Guns do kill people. So do people
I am shocked and saddened by Saturday’s horrific mass murder of innocent Jewish people.
Eleven people are dead. Eleven worlds have been destroyed, according to Jewish law.
I grew up in Pittsburgh. Its Squirrel Hill neighborhood has a lot in common with Teaneck. I know Tree of Life Congregation, a place where many of my friends celebrated their bar mitzvahs. My family belonged to Temple Sinai, no more than a mile from Tree of Life. My school was in the same area, just blocks away.
I still have friends at Tree of Life. Undoubtedly they have lost their friends, and God forbid, family members. I also have family there in a suburb near the airport. Thank God, they are all safe. No matter where I live, I will always be a part of Pittsburgh and its Jewish community. So Shabbat’s loss is my loss too.

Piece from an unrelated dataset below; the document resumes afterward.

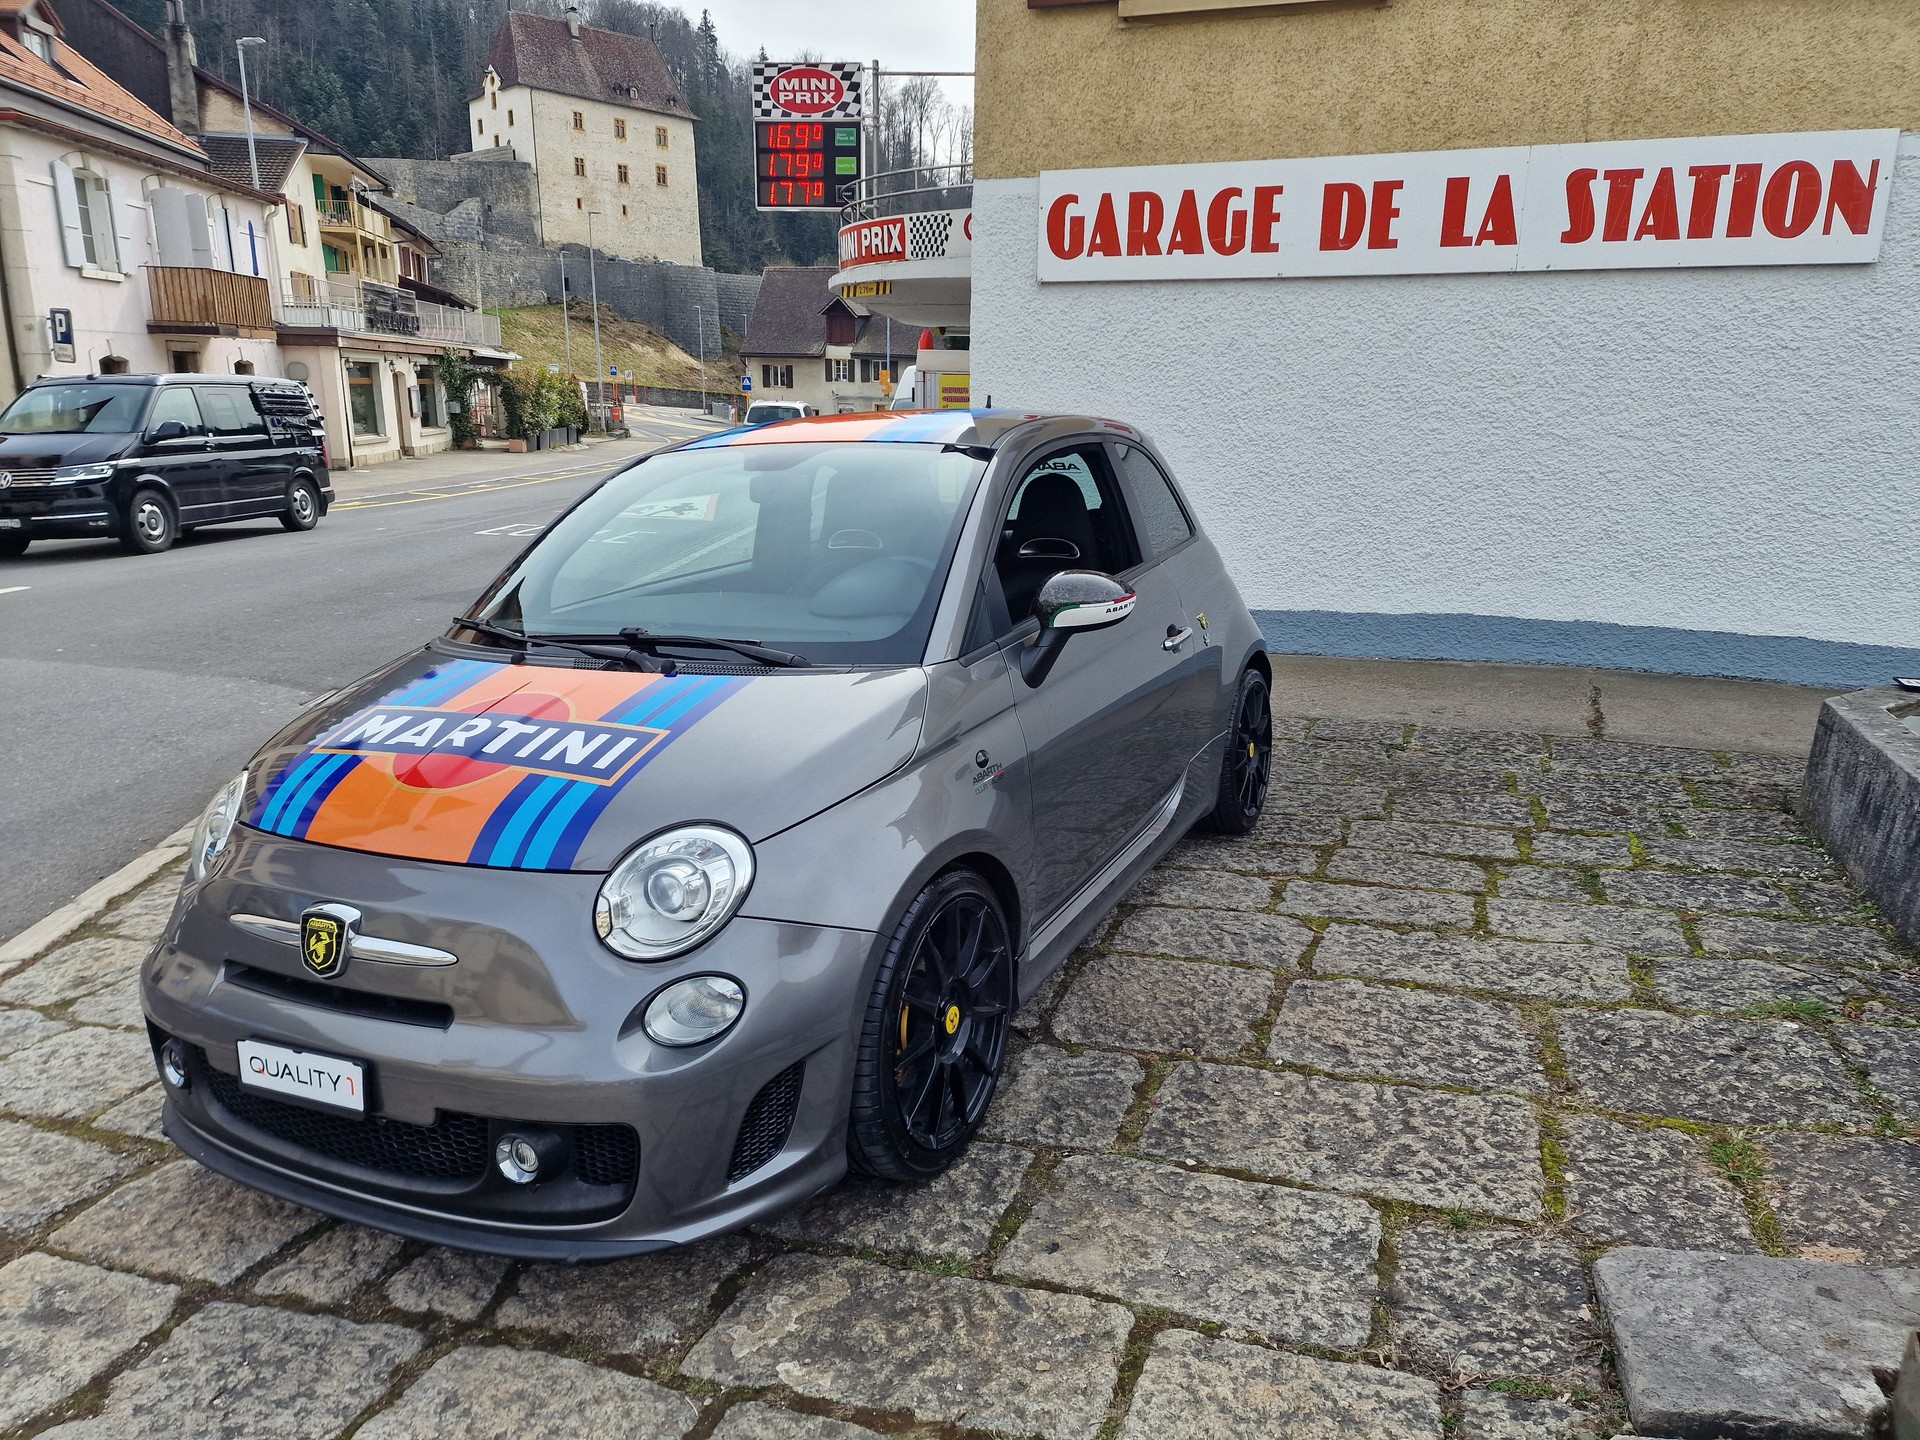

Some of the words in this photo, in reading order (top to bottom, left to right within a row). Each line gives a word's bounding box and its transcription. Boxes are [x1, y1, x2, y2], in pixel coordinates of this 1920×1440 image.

Following a shooting massacre, a debate about guns inevitably arises in the aftermath. Someone asked me, after Newtown and Parkland, is there any hope for change? I continue to have faith that the long arc of history will bend toward justice. To that end, I mulled over the never-ending gun debate.
Many well-meaning people say that people kill, and that guns have nothing to do with it. Gun regulation therefore will be ineffective, and it will not prevent criminals and others from getting their hands on guns. Beside the fact that this view is not supported by statistical evidence, it is also one-dimensional.
This subject cannot be viewed either or — that guns and people are mutually exclusive. The links and causality simply are logical. So how did we get to the belief that guns are not a factor, and that regulation is not an option? The short answer is money. The long one is historical evidence.
Today’s anti-gun control attitudes are influenced by a propaganda barrage perpetrated by the private for-profit gun manufacturers who back the NRA. If we wish to know the truth hidden behind the curtain, we need to delve into history. We must study the Second Amendment and the times in which it was written (by three authors).
We also must study the state constitutions that preceded the federal Constitution, after it became apparent that our original Articles of Confederation were not adequate to insure the survival of the new nation.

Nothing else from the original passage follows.